§ EXERCISE BRIEF
Return the entries verbatim and drop every picture.

§ DATA SHOWN
■ ■ ■ ■ ■ ■ ■
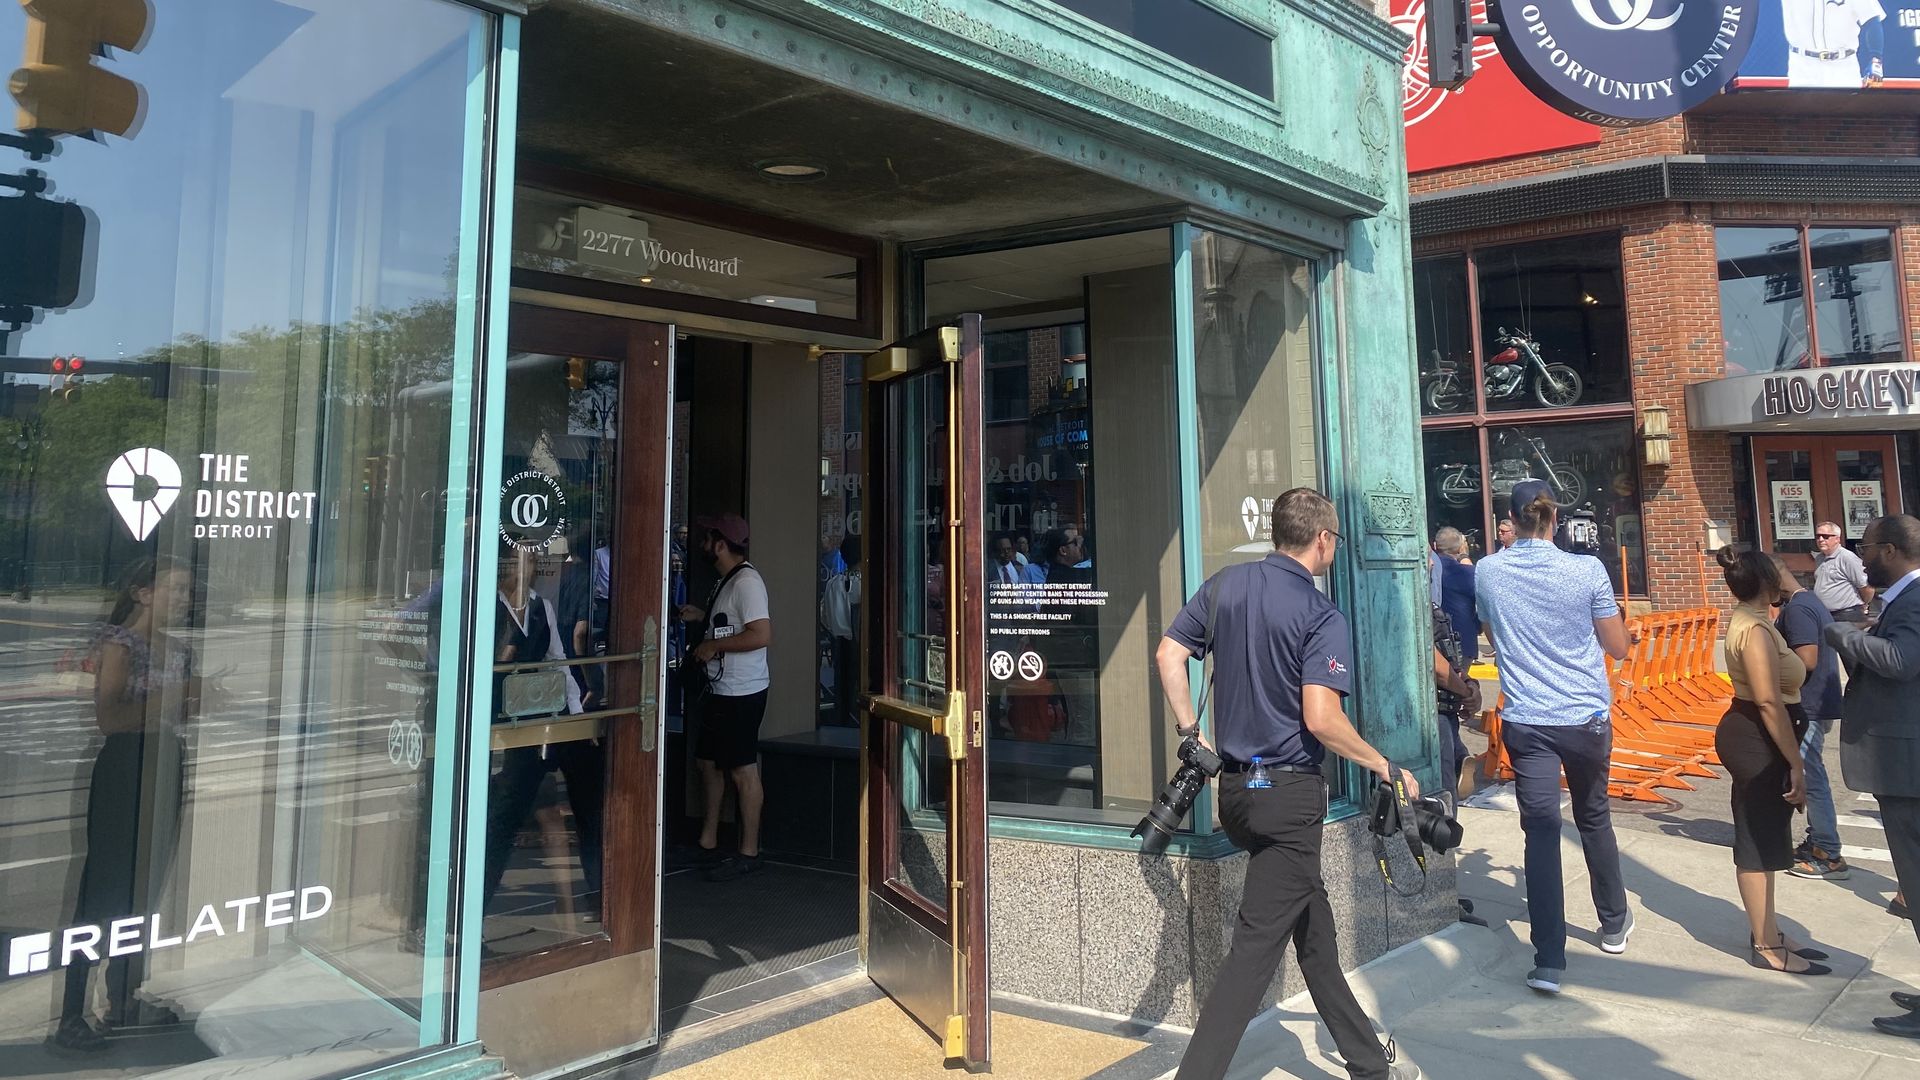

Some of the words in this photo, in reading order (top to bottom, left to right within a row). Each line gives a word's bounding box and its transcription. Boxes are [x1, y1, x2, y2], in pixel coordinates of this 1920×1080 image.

[1521, 4, 1674, 100] OPPORTUNITY
[1679, 4, 1742, 87] CENTER
[1574, 111, 1634, 126] JOBS
[582, 229, 635, 257] 2277
[640, 239, 739, 276] Woodward
[199, 453, 249, 482] THE
[507, 470, 542, 487] DISTRICT
[543, 475, 566, 506] DETROIT
[1780, 487, 1802, 496] KISS
[1850, 487, 1873, 496] KISS
[196, 489, 316, 519] DISTRICT
[194, 524, 273, 539] DETROIT
[543, 517, 566, 548] CENTER
[61, 885, 333, 967] RELATED
■ ■ ■ ■ ■ ■ ■
§ SOLUTION FOR THIS TASK
Some of the words in this photo, in reading order (top to bottom, left to right within a row). Each line gives a word's bounding box and its transcription. Boxes are [x1, y1, x2, y2], in pixel coordinates of this 1920×1080 image.

[1521, 4, 1674, 100] OPPORTUNITY
[1679, 4, 1742, 87] CENTER
[1574, 111, 1634, 126] JOBS
[582, 229, 635, 257] 2277
[640, 239, 739, 276] Woodward
[199, 453, 249, 482] THE
[507, 470, 542, 487] DISTRICT
[543, 475, 566, 506] DETROIT
[1780, 487, 1802, 496] KISS
[1850, 487, 1873, 496] KISS
[196, 489, 316, 519] DISTRICT
[194, 524, 273, 539] DETROIT
[543, 517, 566, 548] CENTER
[61, 885, 333, 967] RELATED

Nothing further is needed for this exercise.